Taïeb [A] – Ils seraient fort probablement originaires de Tunis et s’installèrent à Nabeul vers le milieu du XIXe siècle. Nous trouvons des Taïeb en Algérie qui sont fort probablement d’origine tunisienne.
Tébéka [A][L] – Nous ne savons pas d’où viennent les Tébéka qui s’installèrent à Nabeul au début du XIXe siècle. Nous trouvons des Tebeka en Tunisie, des Tibika en Algérie qui sont très probablement venus de Tunisie, et des Boutbika en Libye.
Temam [L] – Les Temam de Nabeul seraient originaires de 2 ou 3 ancêtres distincts qui seraient originaires de Tunis et du Sud tunisien. Ils arrivèrent à Nabeul dans le milieu du XIXe siècle. On en trouve aussi en Libye mais il serait fort possible qu’ils y arrivèrent du sud de la Tunisie.
Uzan [A] – Les familles Uzan de Nabeul sont nombreuses et seraient probablement arrivées de Tunis, de Sousse ou de Moknine. Ils seraient à Nabeul depuis le début du XIXe siècle. Nous trouvons la famille Ouzène à Constantine. Ils seraient arrivés probablement de Tunisie et la différence d’orthographe proviendrait de la transcription en français, peut-être par un officier d’état civil, du nom Uzan prononcé avec l’accent judéo-arabe.

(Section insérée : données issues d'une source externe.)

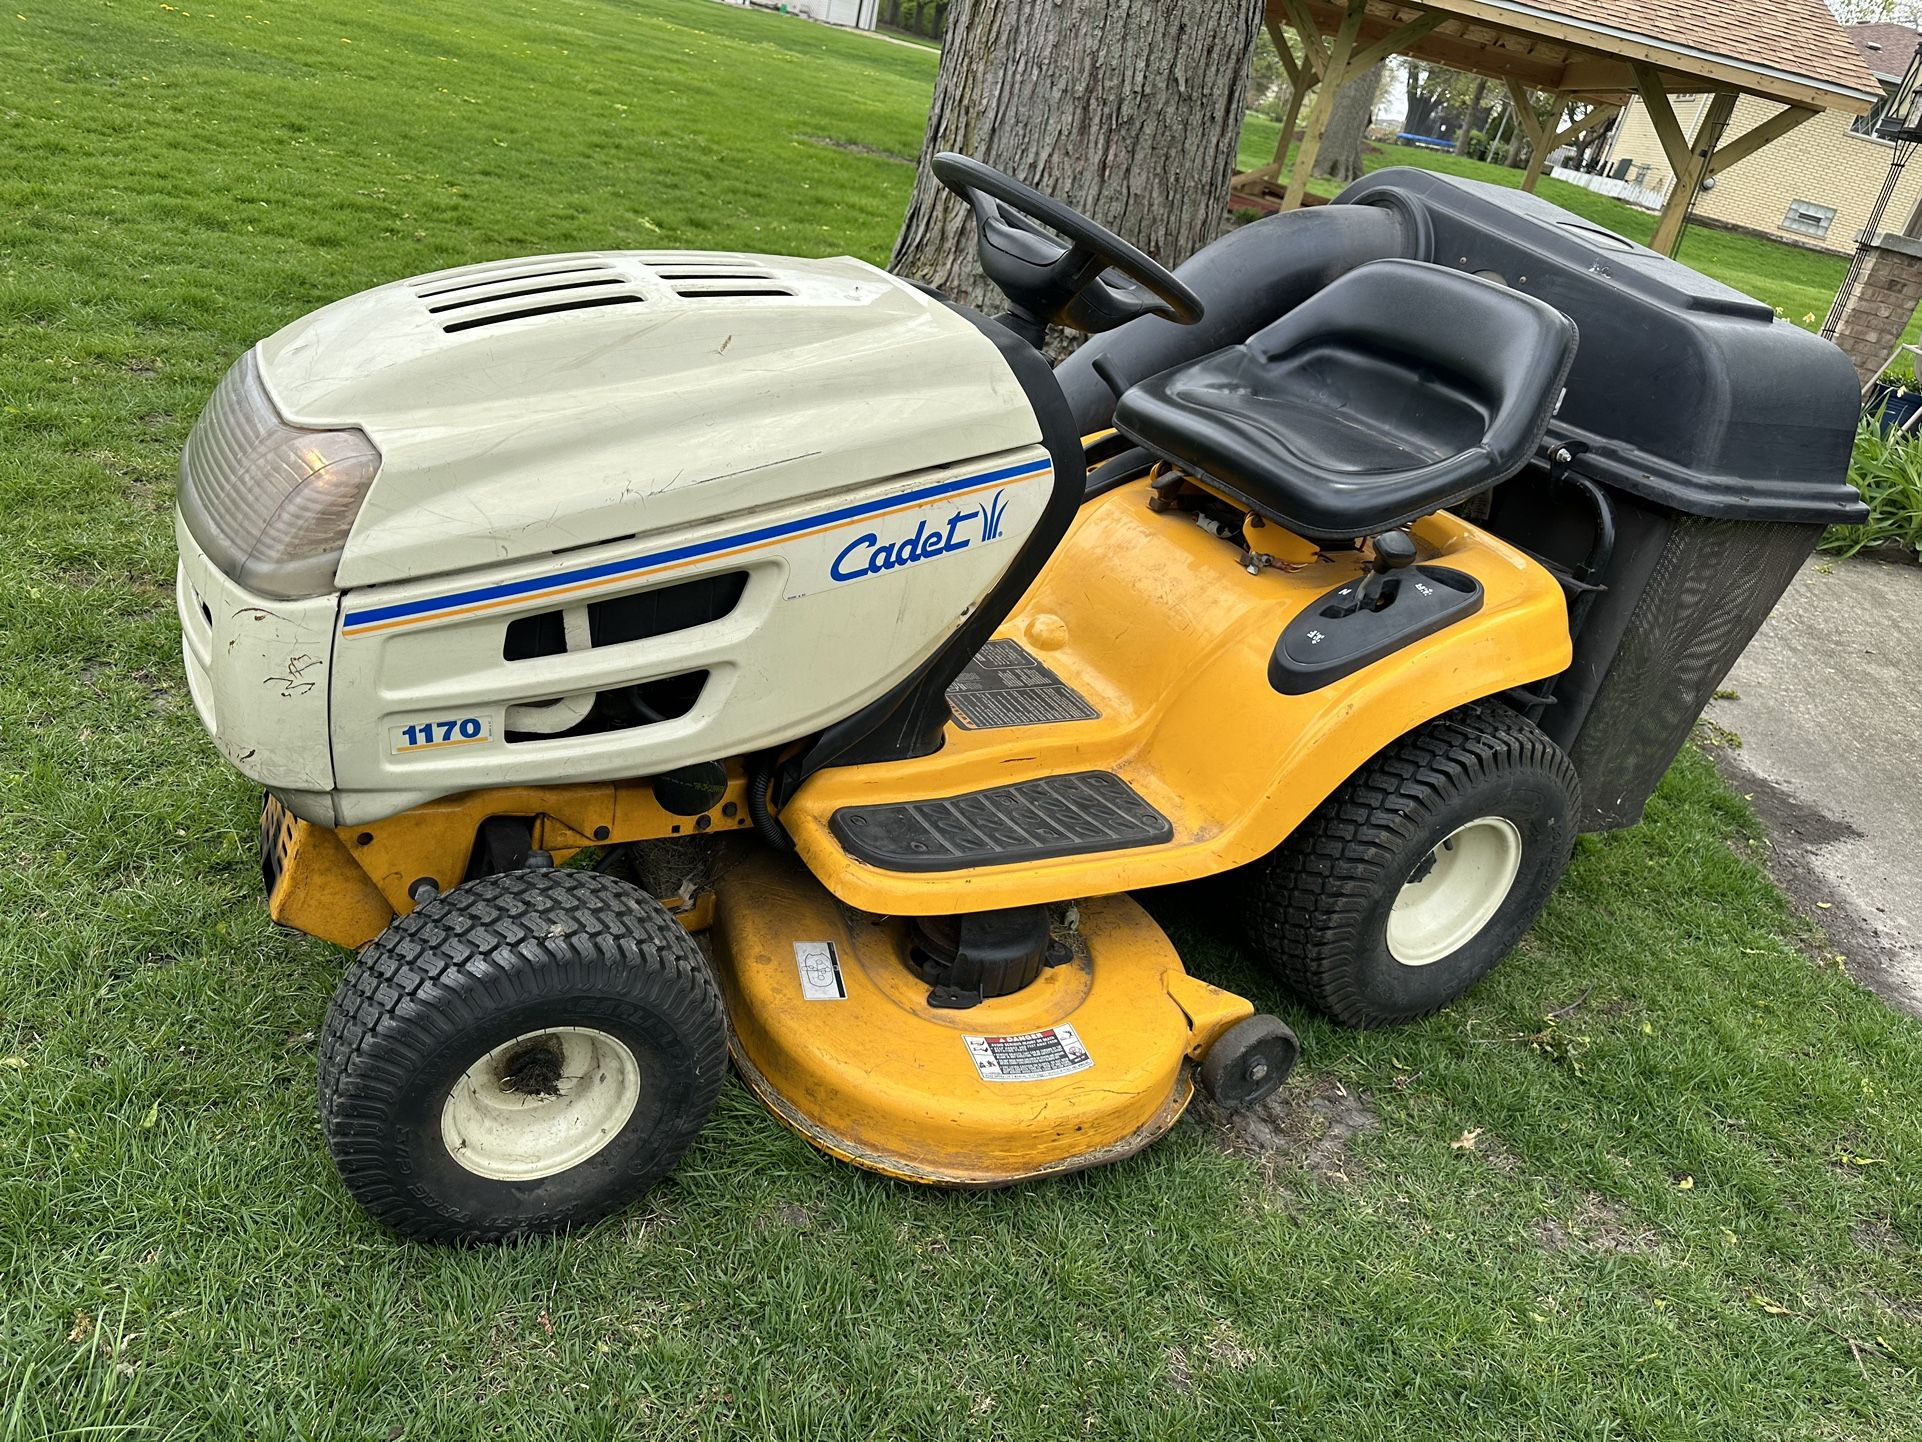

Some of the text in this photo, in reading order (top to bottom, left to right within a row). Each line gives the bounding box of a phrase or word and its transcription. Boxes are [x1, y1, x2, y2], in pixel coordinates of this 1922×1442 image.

45Pour conclure, voici une rapide analyse statistique sur l’éventuelle appartenance géographique de ces onze noms dont l’origine extérieure à la Tunisie est moins certaine :
– noms seraient originaires d’Algérie : Ariss/Arich, Boujenah’, Guez, Taieb, Uzan.
– noms viendraient d’Algérie ou de Lybie : Soufir, Tébéka.
– nom qui serait originaire du Maroc, d’Algérie ou de Libye : Seror.
– noms seraient originaires du Maroc ou d’Algérie : Fertoukh/Partouche, Sarfati.
– nom originaire de Libye : Temam.
46Nous devons toutefois noter deux carences dues à l’utilisation de la généalogie et de l’onomastique en tant que sources, qu’elles se référent à des registres ou à des témoignages oraux :
– La première est qu’il est relativement simple de cerner les mouvements d’entrées de personnes dans un lieu géographique mais il est beaucoup plus compliqué, voire quasiment impossible, d’en noter les sorties.
– Quant à la seconde, en voici le détail. Tous les mouvements migratoires que nous avons détaillés dans cette communication, nous les devons à la mémoire des personnes interrogées qui nous ont laissé des témoignages oraux. Quand nous les avions questionnés à propos de l’origine de leur nom, nous avions découvert qu’un de leurs aïeux était arrivé de tel ou tel pays, et un petit calcul arithmétique des âges et des générations nous ont permis de situer leur arrivée à Nabeul dans une période et un siècle. Ainsi, nous avions commencé par un nom et nous sommes arrivés à un ancêtre arrivé d’ailleurs en un temps plus ou moins précis. Mais en fait, lors de la saisie des paramètres généalogiques issus de ces interviews, nous avons certainement perdu des informations très importantes sur des épouses d’ancêtres qui seraient
elles aussi venues de l’extérieur, voire de l’étranger. Contrairement aux hommes qui gardent leur nom et le transmettent, les femmes qui, dans la généalogie, ont le statut de filles ou de conjointes, perdent leur nom de jeune fille dès leur mariage et, ainsi, nous perdons le fil conducteur qui nous aurait donné la possibilité d’enregistrer des migrations de femmes dans la communauté.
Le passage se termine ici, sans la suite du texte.